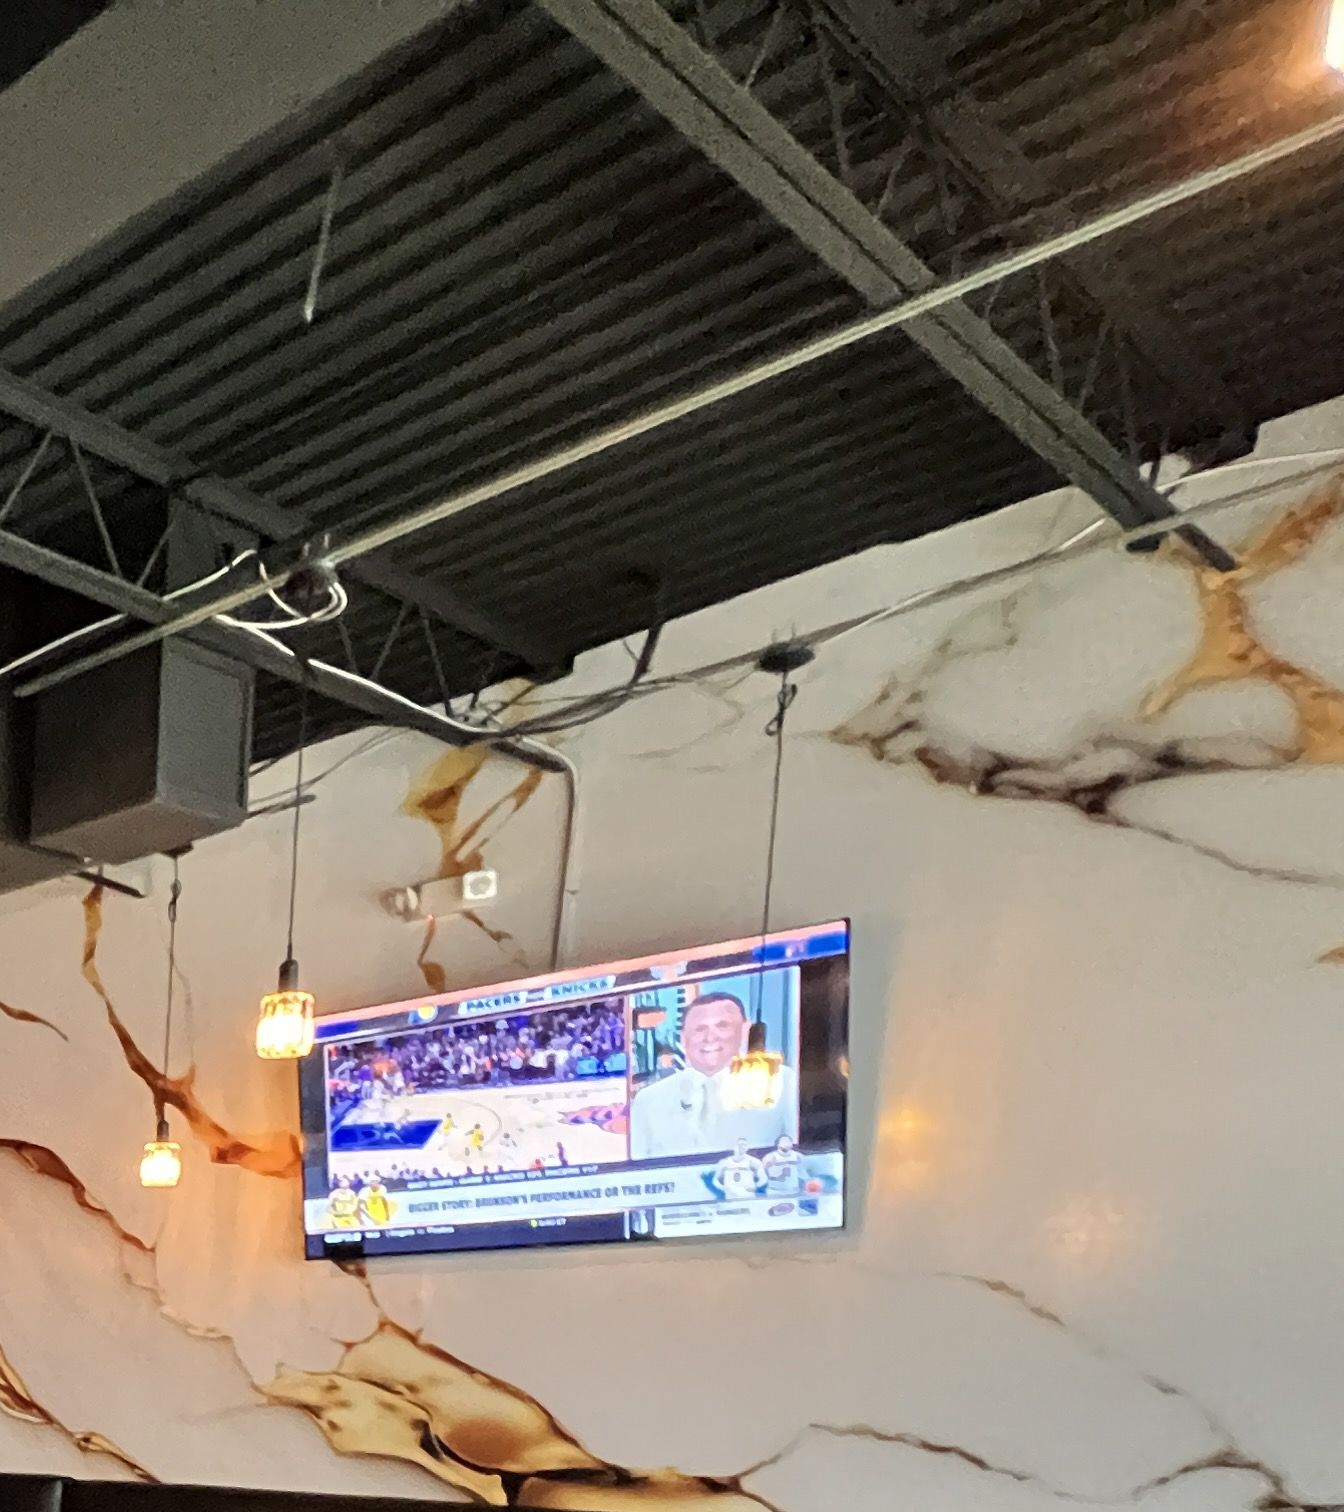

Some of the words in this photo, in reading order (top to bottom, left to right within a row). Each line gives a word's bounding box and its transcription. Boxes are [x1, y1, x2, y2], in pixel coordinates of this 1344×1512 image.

[466, 995, 520, 1010] PACERS
[529, 1188, 602, 1203] PERFORMANCE
[604, 1186, 619, 1198] OR
[621, 1184, 642, 1196] THE
--------------------
* Exercise goal
The pictures are not wanted, but every line of the listing should be duplicated exactly.

* Solution
Some of the words in this photo, in reading order (top to bottom, left to right within a row). Each line gives a word's bounding box and its transcription. Boxes are [x1, y1, x2, y2], in pixel coordinates of this 1344×1512 image.

[466, 995, 520, 1010] PACERS
[529, 1188, 602, 1203] PERFORMANCE
[604, 1186, 619, 1198] OR
[621, 1184, 642, 1196] THE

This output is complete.